At entry to the function, the prologue needs to set up its own stack frame. It saves nonvolatile registers into the saved variable space and then atomically updates the stack pointer and links it to the previous stack frame. Here's a sample prologue. I've added blank lines to separate the major sections.

01ae2398 7c0802a6  mflr    r0           ; move return address to r0

01ae239c 93c1fff8  stw     r30,-8(r1)   ; save nonvolatile register
01ae23a0 93e1fffc  stw     r31,-4(r1)   ; save nonvolatile register

01ae23a4 9001fff4  stw     r0,-0xC(r1)  ; save return address

01ae23a8 9421ffb0  stwu    r1,-0x50(r1) ; create stack frame

The first thing a function does is save the link register in r0 so it doesn't lose the return address. In my experience, the only thing the Microsoft compiler uses the r0 register for is transferring to and from the link register.

The next thing a function does is save to the stack the nonvolatile registers it intends to use. (Recall that r1 is the stack pointer register.) This function uses two nonvolatile registers r30 and r31, and it saves them onto the stack immediately below the stack pointer, in order. I'm not sure if it's a requirement of the software convention, but the Microsoft compiler always allocates its nonvolatile registers top-down, so that the set of nonvolatile registers is a contiguous range ending at r31.¹ Furthermore, it always saves the registers in the same place: r31 goes on the stack first, then r30, and so on. Even if it's not a requirement, the Microsoft compiler is pretty consistent about it, which makes unwinding the stack in the debugger a lot easier because you always know that, for example, the saved value of r29 is at offset −12 from the inbound sp

The third step is saving the r0 register (which holds the return address). The Microsoft compiler always stores the return address immediately below the saved registers. Again, I don't know if it's a requirement, but it's a handy thing to take advantage if you need to manually unwind the stack.

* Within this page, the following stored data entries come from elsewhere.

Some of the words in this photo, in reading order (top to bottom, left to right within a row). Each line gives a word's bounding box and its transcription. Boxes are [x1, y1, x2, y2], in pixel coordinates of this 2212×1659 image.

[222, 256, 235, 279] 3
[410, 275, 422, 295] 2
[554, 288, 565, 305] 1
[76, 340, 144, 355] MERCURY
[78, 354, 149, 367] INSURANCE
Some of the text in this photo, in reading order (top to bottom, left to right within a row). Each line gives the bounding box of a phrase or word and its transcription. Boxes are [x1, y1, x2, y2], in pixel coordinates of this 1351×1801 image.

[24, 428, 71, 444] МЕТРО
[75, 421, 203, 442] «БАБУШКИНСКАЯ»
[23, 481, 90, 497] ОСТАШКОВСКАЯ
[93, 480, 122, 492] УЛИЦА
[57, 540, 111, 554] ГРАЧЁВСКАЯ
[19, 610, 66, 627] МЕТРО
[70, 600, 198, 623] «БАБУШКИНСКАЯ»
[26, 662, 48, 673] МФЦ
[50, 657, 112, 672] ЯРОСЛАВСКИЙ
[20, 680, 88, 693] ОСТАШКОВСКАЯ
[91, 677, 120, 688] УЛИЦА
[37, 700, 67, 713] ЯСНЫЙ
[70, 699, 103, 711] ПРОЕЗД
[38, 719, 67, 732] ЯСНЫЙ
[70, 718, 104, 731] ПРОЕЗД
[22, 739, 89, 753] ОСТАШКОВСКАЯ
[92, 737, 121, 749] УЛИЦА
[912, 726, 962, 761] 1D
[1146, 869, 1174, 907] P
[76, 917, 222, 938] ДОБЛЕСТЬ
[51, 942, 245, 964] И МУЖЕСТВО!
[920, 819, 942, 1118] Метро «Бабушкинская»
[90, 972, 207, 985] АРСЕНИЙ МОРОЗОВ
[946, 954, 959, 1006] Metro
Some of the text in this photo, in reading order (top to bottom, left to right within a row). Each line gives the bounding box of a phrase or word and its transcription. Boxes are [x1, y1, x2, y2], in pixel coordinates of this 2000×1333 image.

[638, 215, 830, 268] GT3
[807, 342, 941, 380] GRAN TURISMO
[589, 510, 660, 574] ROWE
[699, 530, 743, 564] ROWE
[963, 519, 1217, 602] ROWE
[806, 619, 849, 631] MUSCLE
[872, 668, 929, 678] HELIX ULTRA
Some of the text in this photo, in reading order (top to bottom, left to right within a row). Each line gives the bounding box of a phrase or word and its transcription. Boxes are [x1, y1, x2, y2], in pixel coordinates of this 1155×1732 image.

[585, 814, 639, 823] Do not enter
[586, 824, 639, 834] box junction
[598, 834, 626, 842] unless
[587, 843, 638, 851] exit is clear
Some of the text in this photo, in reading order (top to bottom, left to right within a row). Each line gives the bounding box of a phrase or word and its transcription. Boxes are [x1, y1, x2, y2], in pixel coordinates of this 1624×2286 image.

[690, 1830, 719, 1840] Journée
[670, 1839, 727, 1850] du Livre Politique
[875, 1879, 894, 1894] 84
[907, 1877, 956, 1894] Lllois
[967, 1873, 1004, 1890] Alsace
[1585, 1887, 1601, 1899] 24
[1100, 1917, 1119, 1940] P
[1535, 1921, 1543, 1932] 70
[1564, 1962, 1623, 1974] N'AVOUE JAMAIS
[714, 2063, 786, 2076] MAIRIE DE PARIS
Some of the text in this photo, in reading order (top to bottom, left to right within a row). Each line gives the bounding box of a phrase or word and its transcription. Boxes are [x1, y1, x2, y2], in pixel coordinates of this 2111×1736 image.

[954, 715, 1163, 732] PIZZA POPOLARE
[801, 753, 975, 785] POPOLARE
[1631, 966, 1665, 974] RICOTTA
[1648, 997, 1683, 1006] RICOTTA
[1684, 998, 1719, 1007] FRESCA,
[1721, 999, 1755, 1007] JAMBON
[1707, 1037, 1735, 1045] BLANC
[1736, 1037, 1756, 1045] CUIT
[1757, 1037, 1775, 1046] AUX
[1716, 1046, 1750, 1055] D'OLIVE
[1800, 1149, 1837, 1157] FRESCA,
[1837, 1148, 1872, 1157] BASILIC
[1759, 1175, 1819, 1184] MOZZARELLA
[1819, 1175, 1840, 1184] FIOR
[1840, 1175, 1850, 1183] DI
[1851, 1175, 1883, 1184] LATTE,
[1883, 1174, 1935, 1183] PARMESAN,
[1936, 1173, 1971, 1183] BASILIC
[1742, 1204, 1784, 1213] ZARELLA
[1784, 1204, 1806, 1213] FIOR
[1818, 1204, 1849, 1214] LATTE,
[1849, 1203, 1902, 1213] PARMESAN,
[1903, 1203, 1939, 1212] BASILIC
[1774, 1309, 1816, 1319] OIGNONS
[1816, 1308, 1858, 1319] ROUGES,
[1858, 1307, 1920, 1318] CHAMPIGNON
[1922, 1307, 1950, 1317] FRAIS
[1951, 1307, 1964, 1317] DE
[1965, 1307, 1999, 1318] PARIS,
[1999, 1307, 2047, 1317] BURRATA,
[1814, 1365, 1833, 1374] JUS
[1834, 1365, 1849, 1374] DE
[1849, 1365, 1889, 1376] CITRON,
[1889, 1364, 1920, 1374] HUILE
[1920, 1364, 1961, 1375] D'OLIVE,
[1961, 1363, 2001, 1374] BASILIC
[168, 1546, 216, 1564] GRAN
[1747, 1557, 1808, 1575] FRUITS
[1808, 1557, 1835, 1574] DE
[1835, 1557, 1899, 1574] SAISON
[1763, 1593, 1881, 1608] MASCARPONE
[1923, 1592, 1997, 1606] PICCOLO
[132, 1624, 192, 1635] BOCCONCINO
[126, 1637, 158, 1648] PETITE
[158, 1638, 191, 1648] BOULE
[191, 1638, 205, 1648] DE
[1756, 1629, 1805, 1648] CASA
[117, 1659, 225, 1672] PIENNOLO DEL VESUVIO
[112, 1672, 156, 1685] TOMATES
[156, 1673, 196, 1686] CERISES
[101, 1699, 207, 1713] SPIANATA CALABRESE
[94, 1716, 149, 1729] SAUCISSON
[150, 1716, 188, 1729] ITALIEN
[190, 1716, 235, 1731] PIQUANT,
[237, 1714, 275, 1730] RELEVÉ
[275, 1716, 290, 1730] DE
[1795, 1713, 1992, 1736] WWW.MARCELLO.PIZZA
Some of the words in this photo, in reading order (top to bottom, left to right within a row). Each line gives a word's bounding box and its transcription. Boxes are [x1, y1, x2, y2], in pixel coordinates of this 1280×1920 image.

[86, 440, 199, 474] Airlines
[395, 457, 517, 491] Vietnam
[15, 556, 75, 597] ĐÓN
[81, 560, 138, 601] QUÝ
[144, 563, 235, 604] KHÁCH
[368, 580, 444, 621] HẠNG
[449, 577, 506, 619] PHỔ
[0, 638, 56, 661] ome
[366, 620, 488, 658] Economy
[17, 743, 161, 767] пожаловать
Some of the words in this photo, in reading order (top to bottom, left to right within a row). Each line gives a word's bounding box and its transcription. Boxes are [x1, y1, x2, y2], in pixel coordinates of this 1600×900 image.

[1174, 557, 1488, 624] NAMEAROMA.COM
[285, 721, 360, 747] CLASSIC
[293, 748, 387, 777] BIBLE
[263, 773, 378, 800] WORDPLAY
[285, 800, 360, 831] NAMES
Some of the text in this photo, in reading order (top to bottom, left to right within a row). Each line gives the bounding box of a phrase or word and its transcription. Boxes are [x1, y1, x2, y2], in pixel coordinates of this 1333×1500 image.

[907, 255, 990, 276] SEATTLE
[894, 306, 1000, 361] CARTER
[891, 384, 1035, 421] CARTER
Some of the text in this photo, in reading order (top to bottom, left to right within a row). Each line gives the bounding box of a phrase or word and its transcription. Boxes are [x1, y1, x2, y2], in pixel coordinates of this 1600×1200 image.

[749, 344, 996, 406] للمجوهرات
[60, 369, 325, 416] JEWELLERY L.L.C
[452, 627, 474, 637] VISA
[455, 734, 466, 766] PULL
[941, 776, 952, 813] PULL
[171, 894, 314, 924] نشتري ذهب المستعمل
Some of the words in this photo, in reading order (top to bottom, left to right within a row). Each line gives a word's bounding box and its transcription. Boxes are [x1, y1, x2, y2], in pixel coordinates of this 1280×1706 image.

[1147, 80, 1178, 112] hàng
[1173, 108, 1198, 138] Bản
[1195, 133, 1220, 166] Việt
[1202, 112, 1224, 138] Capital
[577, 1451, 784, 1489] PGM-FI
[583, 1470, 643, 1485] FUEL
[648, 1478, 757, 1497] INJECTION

The final step of the prologue is creating the stack frame with the stwu instruction. This instruction stores the current stack pointer at the specified negative offset from the top of the stack (creating the next node in the linked list) and then updates the stack pointer to the address it just stored to. This all happens atomically in a single instruction, which means that the linked list of stack frames is always preserved at any moment in time. This is great for sampling profilers, which might otherwise have a hard time building a proper stack trace if it happened to catch the prologue at a bad time.

The compiler is permitted to advance instructions from the function body proper into the prologue, provided it doesn't alter any nonvolatile registers or perform any branches.

The function epilogue also follows a consistent pattern:

01ae2444 7ca32b78  mr      r3,r5        ; set return value

01ae2448 80010044  lwz     r0,0x44(r1)  ; load return address

01ae244c 83c10048  lwz     r30,0x48(r1) ; restore nonvolatile register
01ae2450 83e1004c  lwz     r31,0x4C(r1) ; restore nonvolatile register

01ae2454 7c0803a6  mtlr    r0           ; move return address to link register

01ae2458 38210050  addi    r1,r1,0x50   ; pop the stack frame

01ae245c 4e800020  blr                  ; return

The main body of the function ends with the desired return value in r3. At this point, we enter the epilogue.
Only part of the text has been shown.